On the other hand, the testing time was measured based on the test set used to evaluate the prediction performance of the trained model. As shown in Table 10, the dimensionality-reduction-free model took an average of 3.71 ± 0.43 s, whereas the proposed model completed the evaluation in an average of 2.99 ± 0.33 s, achieving a 19.44% improvement in inference speed. These results confirm that the proposed framework improved the speed and efficiency of normal and attack classification predictions while minimizing resource consumption through the application of dimensionality reduction. The small standard deviations observed across accuracy measurements ( σ 0.0014 ), loss metrics, training times, and inference times indicate that the performance improvements are consistent and not due to random variations in model initialization. The boxplots further demonstrate that even in experimental runs with the lowest observed performance (worst-case scenarios), our model with dimensionality reduction consistently outperforms the dimensionality-reduction-free model across most metrics.

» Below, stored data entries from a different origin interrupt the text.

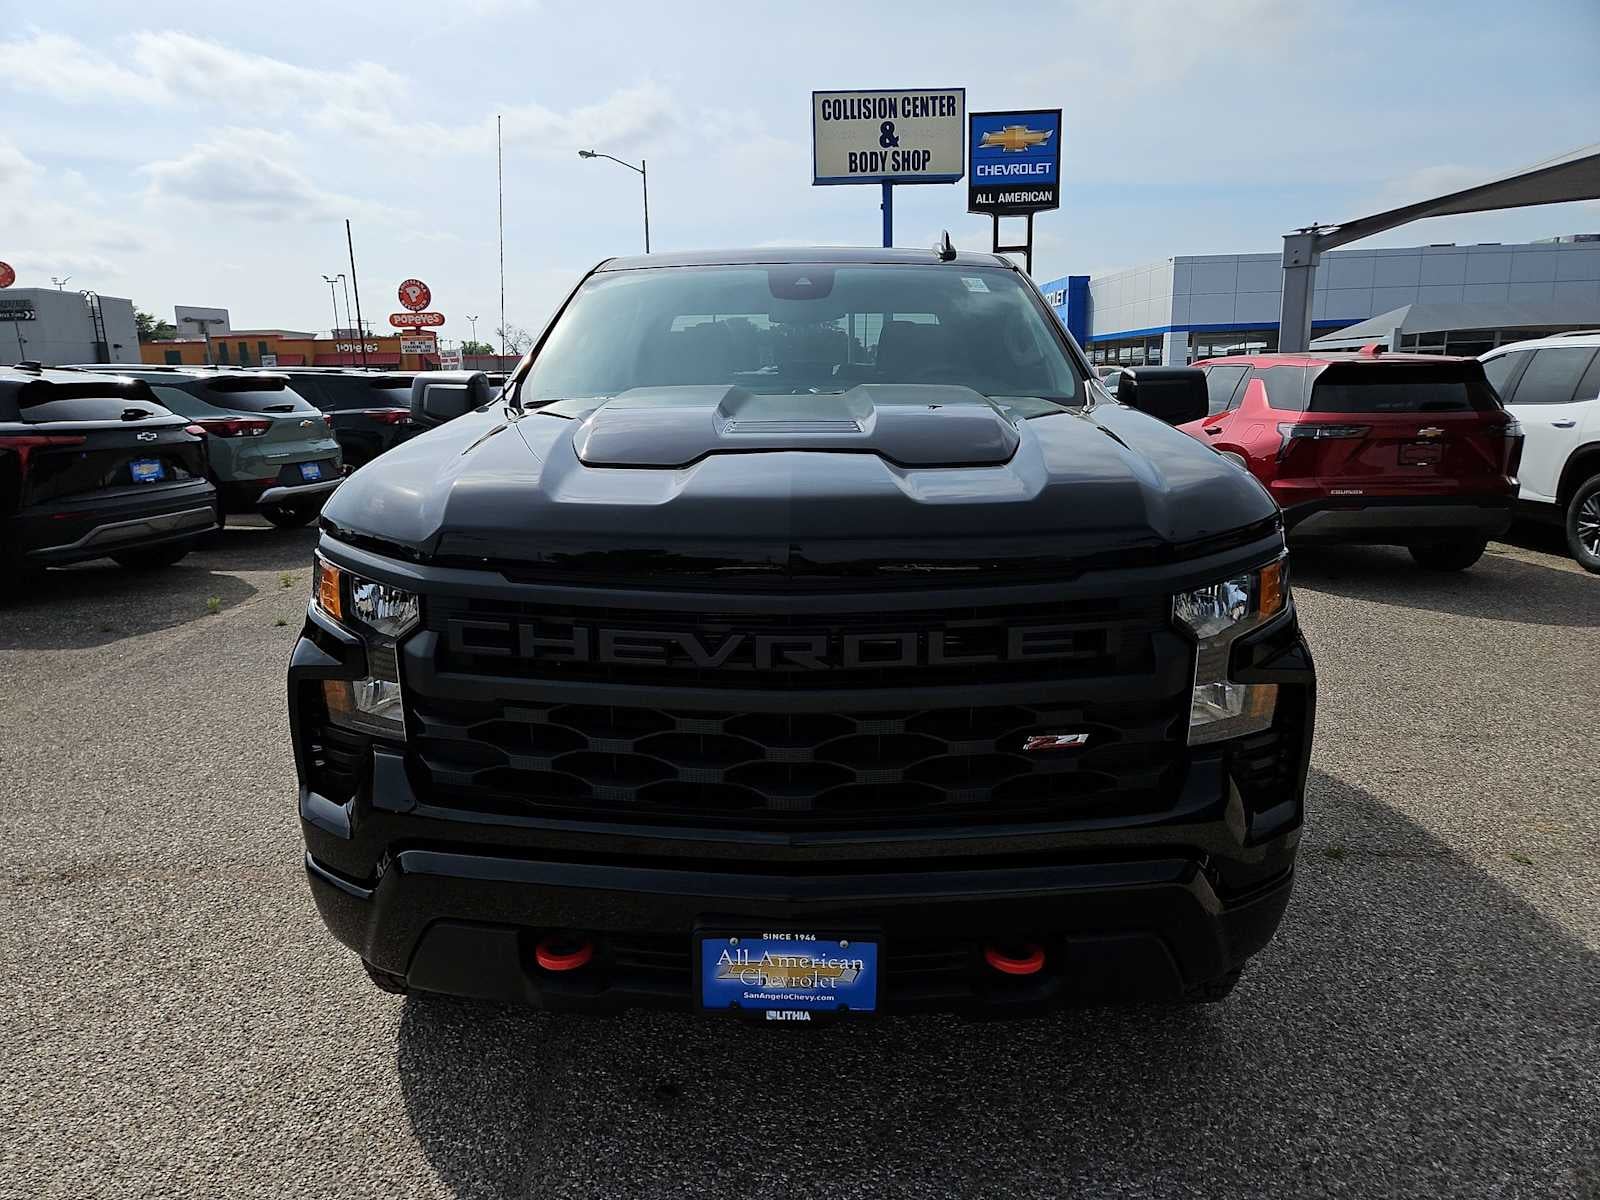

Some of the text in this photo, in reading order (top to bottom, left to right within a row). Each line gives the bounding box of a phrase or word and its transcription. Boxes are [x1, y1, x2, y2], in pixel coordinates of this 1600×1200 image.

[822, 95, 957, 121] COLLISION CENTER
[879, 121, 900, 148] &
[848, 149, 931, 173] BODY SHOP
[976, 162, 1052, 177] CHEVROLET
[975, 190, 1053, 204] ALL AMERICAN
[447, 617, 1121, 671] CHEVROLET
[1023, 733, 1089, 750] Z71
[762, 933, 791, 941] SINCE
[716, 949, 865, 970] All American
[739, 968, 838, 989] Chevrolet
[743, 991, 835, 1002] SanAngeloChevy.com
[776, 1011, 811, 1021] LITHIA

In conclusion, the proposed framework showed high classification accuracy and fast model training and testing time. These results demonstrate that the framework can achieve significant performance improvement in real-time malicious network traffic detection in IDSs.
To comprehensively evaluate our dimensionality reduction approach, we compared our framework with existing studies that employed various dimensionality reduction techniques on intrusion detection datasets, as summarized in Table 11.
Table 11. Comparison with existing IDS studies applying dimensionality reduction.
Our approach demonstrates several notable advantages when considering the holistic trade-offs between dimensionality reduction extent, accuracy, and computational efficiency. First, a key strength of our approach is achieving superior classification accuracy (99.06%) with only minimal dimensionality reduction (12.2%, from 41 to 36 features, as shown in the ‘Red. (%)’ column). This minimal reduction, unlike studies applying substantial feature reduction (ranging from 49.0% to 94.3% in Table 11), prioritizes preserving the original information content. This strategic feature selection contributed to our model’s high accuracy (99.06%), which outperformed other NSL-KDD-based approaches, such as those of Li et al. [62] (96.12%), Obeidat et al. [58] (80.60%), and Wu et al. [60] (85.73%) in terms of ‘Acc. After’. Furthermore, another significant strength is the balanced improvement across multiple performance facets: our framework exhibits substantial reductions in both training time (approx. 17.47%; ‘Train Time Δ (%)’) and inference time (approx. 19.44%; ‘Infer. Time Δ (%)’) while simultaneously maintaining, and even slightly improving, classification accuracy (+0.08% ‘Acc. Δ ’). This positive ‘Acc. Δ ’ contrasts sharply with the weaknesses observed in several other approaches where accuracy degradation was a notable trade-off. For instance, studies by Moyano et al. [54], Awad et al. [66], and Chen et al. [68] reported accuracy degradations (‘Acc. Δ ’ values of −0.20%, −0.26%, and −0.30%, respectively) after applying their DR techniques.
Regarding computational efficiency, while our method shows significant improvements, some studies present different trade-off profiles. For example, Li et al. [62] and Obeidat et al. [58] experienced considerably increased training times (indicated by negative ‘Train Time Δ (%)’ values of −16.7% and −357.7%, respectively, where ‘−’ signifies degradation, as per Table 11 note), despite reducing features, highlighting a critical inefficiency in their post-DR modeling or the DR process itself. In contrast, our positive ‘Train Time Δ (%)’ of +17.47% underscores our efficiency gain. Although Wu et al. [60] achieved higher percentage improvements in training time (+31.8%) and inference time (+27.2%) compared to our approach, their significant trade-off was a considerably lower overall accuracy (85.73% ‘Acc. After’) post-DR, whereas our method achieved 99.06%. This highlights a crucial strength of our framework: the ability to deliver substantial computational benefits without a major sacrifice in detection accuracy, a balance not achieved by all compared methods.
In essence, while some existing DR techniques exhibit weaknesses such as significant accuracy degradation (e.g., Moyano et al. [54]), substantial increases in training overhead despite feature reduction (e.g., Li et al. [62] and Obeidat et al. [58]), or achieve higher percentage efficiency gains at a steep cost to final accuracy (e.g., Wu et al. [60]), our approach demonstrates a more robust and holistically optimized strength. It carefully balances minimal, information-preserving feature reduction with tangible improvements in computational efficiency and maintained or enhanced detection accuracy. This balanced approach to feature reduction clearly demonstrates why our method performs effectively in CNN-based network intrusion detection.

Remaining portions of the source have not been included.